MATERIAL FOR THIS EXERCISE
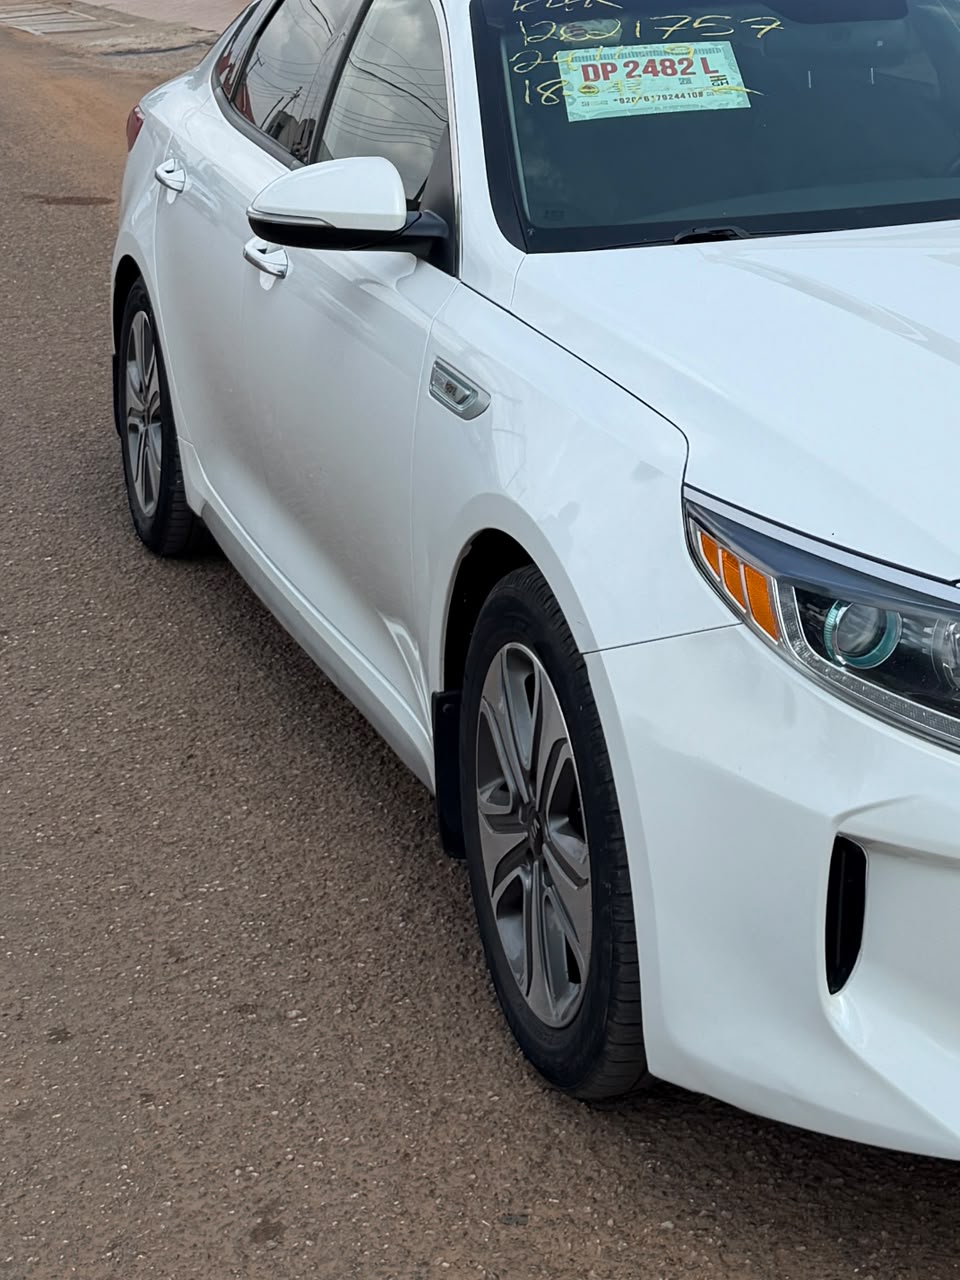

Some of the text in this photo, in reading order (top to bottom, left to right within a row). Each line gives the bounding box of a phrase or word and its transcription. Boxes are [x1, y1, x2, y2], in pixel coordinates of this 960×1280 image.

[581, 57, 719, 82] DP 2482 L
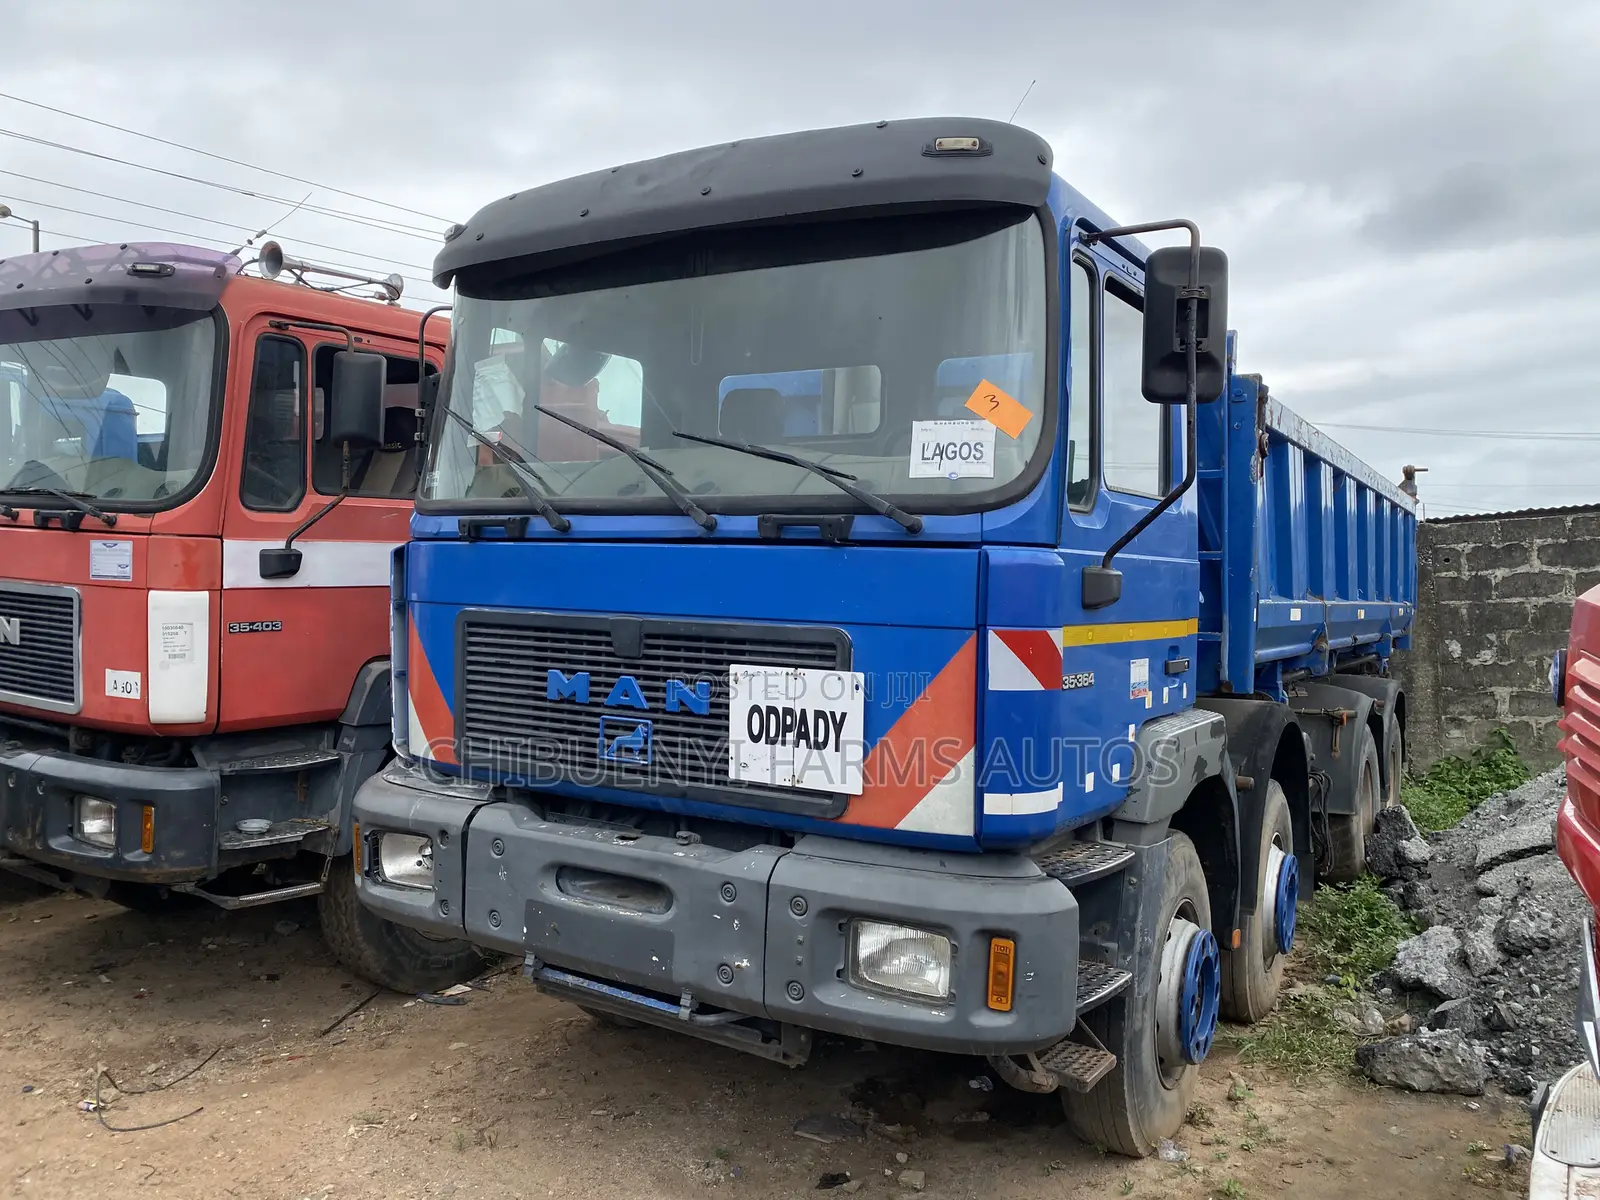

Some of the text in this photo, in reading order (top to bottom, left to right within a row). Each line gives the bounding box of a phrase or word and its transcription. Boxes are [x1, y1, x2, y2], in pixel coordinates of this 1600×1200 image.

[983, 394, 1000, 413] 3
[921, 441, 984, 461] LAGOS
[546, 669, 710, 715] MAN
[747, 704, 848, 753] ODPADY

YOUR GOAL
Skip the pictures and give the entries above again word for word.

TASK SOLUTION
Some of the text in this photo, in reading order (top to bottom, left to right within a row). Each line gives the bounding box of a phrase or word and its transcription. Boxes are [x1, y1, x2, y2], in pixel coordinates of this 960×1280 image.

[581, 57, 719, 82] DP 2482 L

Some of the text in this photo, in reading order (top to bottom, left to right within a row). Each line gives the bounding box of a phrase or word and its transcription. Boxes are [x1, y1, x2, y2], in pixel coordinates of this 1600×1200 image.

[983, 394, 1000, 413] 3
[921, 441, 984, 461] LAGOS
[546, 669, 710, 715] MAN
[747, 704, 848, 753] ODPADY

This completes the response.